101 SERIES
Mathematical finance, also known as quantitative finance and financial mathematics, is a field of applied mathematics, concerned with mathematical modeling of financial markets.
There are two separate branches of finance that require advanced quantitative techniques: 1. Derivatives pricing 2. Risk and portfolio management.
Mathematical finance focus in within the fields of computational finance and financial engineering. Financial engineering on applications and modeling with the help of *stochastic asset models while mathematical finance on analysis, and building tools of implementation for the models. While quantitative investing relies on statistical and numerical models and machine learning as opposed to traditional fundamental analysis for portfolios.
* A stochastic investment model tries to forecast how returns and prices on different assets or asset classes, (e. g. equities or bonds) vary over time.
Modern History
Mathematical finance emerged as a discipline in the 1970s, following the work of Fischer Black, Myron Scholes and Robert Merton on option pricing theory. Mathematical investing originated from the research of mathematician Edward Thorp who used statistical methods to first invent card counting in blackjack and then applied its principles to modern systematic investing.
Use Case
Generally, mathematical finance applies mathematical or numerical models without establishing a link to financial theory, taking observed market prices as input.

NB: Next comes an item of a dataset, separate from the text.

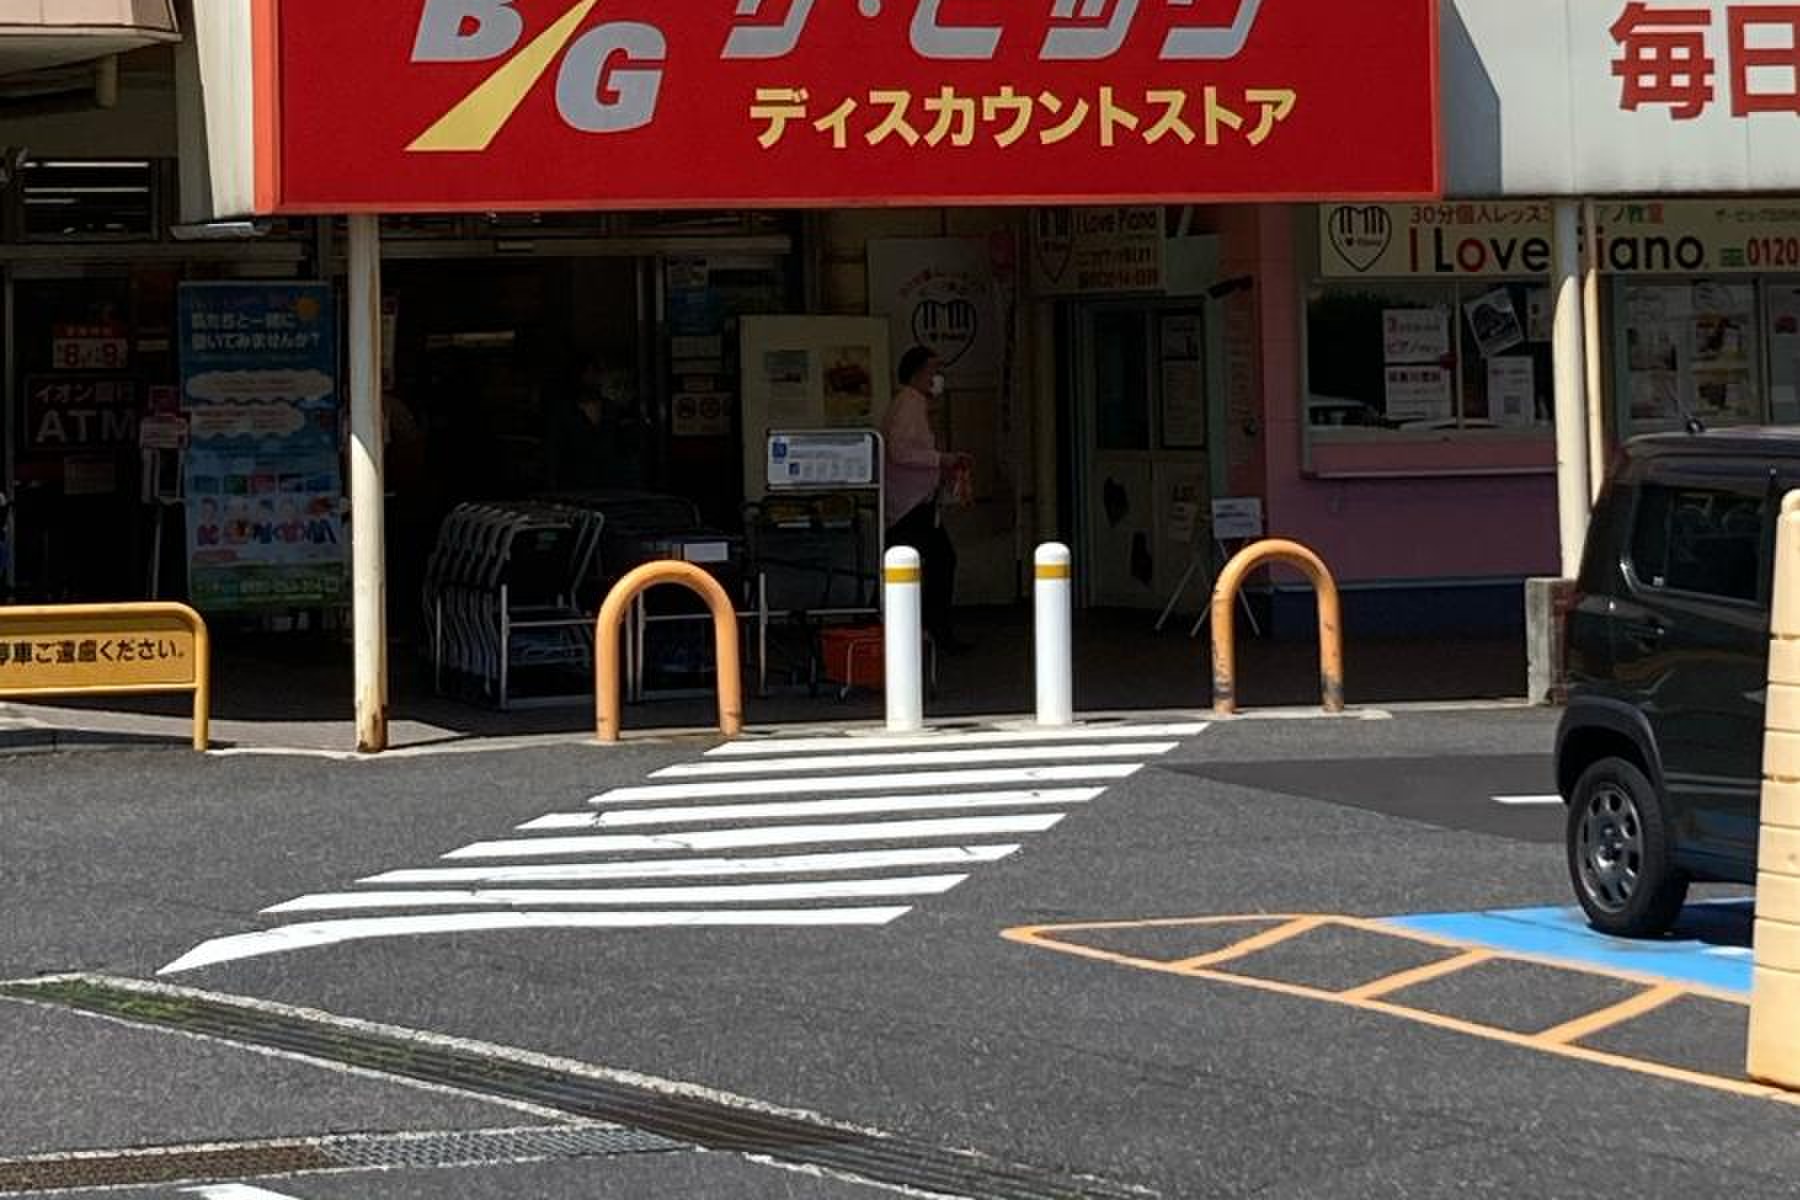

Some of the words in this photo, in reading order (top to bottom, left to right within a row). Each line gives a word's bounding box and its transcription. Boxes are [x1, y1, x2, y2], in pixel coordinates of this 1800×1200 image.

For example, while a financial economist would study the market reasons why a company may have a certain share price, a financial mathematician may take the share price as a given, and attempt to use stochastic calculus to obtain the corresponding value of derivatives of the stock.
Q versus P
There are two separate branches of finance that require advanced quantitative techniques: derivatives pricing, and risk and portfolio management. The main differences is that they use different probabilities such as the risk-neutral probability (or arbitrage-pricing probability), denoted by “Q”, and the actual (or actuarial) probability, denoted by “P”.
Q World
The goal of derivatives pricing is to determine the fair price of a given security in terms of more liquid securities whose price is determined by the law of supply and demand. Once a fair price has been determined, the sell-side can make a market on the security. Derivative pricing is an exercise to define the current market value of a security.
P World
Risk and portfolio management is at the core the derived probability distribution of the market prices of all the securities for a given future investment. Based on the P distribution, the buy-side community takes positions on which securities to purchase in order to improve the profit-and-loss profile of their positions considered as a portfolio.
Criticism
Increasingly sophisticated mathematical models and derivative pricing strategies have been developed since the 1970’s. The financial crisis of 2007–2010 forced the market to evolve and as financial assets cannot be modelled by distributions with finite variances.